Referring expression grounding data:
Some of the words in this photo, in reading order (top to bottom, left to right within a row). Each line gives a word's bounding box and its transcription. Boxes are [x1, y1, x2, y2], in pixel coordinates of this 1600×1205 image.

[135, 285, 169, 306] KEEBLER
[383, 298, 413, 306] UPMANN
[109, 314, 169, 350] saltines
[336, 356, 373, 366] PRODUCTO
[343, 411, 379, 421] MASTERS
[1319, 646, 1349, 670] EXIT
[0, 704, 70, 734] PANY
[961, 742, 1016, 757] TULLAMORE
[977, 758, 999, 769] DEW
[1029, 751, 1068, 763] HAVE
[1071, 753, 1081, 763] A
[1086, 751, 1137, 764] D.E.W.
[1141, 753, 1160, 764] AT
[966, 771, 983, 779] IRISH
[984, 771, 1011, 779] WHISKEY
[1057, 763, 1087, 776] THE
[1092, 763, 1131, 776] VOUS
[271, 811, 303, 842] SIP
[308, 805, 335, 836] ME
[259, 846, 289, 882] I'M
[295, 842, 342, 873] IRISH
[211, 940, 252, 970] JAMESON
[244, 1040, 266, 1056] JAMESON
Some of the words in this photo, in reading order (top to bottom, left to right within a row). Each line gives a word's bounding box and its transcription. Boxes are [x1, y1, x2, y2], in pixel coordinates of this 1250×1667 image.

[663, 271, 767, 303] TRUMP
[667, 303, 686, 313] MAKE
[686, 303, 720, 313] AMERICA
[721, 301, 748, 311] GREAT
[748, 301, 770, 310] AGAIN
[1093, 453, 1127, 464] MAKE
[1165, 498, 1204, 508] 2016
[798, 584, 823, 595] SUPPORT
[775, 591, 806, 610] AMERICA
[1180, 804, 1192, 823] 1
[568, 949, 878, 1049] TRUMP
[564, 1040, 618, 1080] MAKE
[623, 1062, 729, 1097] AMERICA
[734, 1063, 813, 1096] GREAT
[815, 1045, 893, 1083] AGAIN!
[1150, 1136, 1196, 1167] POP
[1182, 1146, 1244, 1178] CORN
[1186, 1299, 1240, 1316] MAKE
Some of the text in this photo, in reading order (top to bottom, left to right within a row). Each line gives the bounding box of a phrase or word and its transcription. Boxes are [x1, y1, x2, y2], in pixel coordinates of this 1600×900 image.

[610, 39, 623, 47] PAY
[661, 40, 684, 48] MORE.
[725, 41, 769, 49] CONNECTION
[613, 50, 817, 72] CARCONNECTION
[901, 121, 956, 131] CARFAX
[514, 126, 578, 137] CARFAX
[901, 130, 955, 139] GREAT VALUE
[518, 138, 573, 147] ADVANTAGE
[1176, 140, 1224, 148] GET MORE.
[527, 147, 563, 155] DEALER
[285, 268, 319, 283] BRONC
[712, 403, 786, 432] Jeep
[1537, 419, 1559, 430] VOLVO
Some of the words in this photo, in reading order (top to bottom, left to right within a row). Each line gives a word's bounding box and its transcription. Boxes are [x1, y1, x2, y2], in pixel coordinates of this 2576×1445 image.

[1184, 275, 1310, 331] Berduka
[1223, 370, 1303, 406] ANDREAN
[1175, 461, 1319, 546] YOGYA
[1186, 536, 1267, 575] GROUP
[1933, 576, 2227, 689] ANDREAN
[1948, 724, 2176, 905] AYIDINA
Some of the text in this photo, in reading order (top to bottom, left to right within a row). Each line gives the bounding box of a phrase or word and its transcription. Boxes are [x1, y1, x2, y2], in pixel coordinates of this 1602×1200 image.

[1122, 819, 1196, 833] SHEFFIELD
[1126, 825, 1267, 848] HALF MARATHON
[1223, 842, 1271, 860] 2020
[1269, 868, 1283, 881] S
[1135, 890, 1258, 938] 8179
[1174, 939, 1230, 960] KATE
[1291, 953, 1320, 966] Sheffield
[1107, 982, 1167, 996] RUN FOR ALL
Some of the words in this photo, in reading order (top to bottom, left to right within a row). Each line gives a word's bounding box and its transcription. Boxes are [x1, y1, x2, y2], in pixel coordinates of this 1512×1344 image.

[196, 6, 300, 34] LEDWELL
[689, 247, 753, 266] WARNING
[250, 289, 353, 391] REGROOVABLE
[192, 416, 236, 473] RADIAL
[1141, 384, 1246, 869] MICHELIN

EXERCISE OBJECTIVE —
Your task is to reproduce exactly the lines that begin with the one containing "this 1512×1344 image." and continue to the end of the data, both ends included.

ANSWER TO THIS TASK —
Some of the words in this photo, in reading order (top to bottom, left to right within a row). Each line gives a word's bounding box and its transcription. Boxes are [x1, y1, x2, y2], in pixel coordinates of this 1512×1344 image.

[196, 6, 300, 34] LEDWELL
[689, 247, 753, 266] WARNING
[250, 289, 353, 391] REGROOVABLE
[192, 416, 236, 473] RADIAL
[1141, 384, 1246, 869] MICHELIN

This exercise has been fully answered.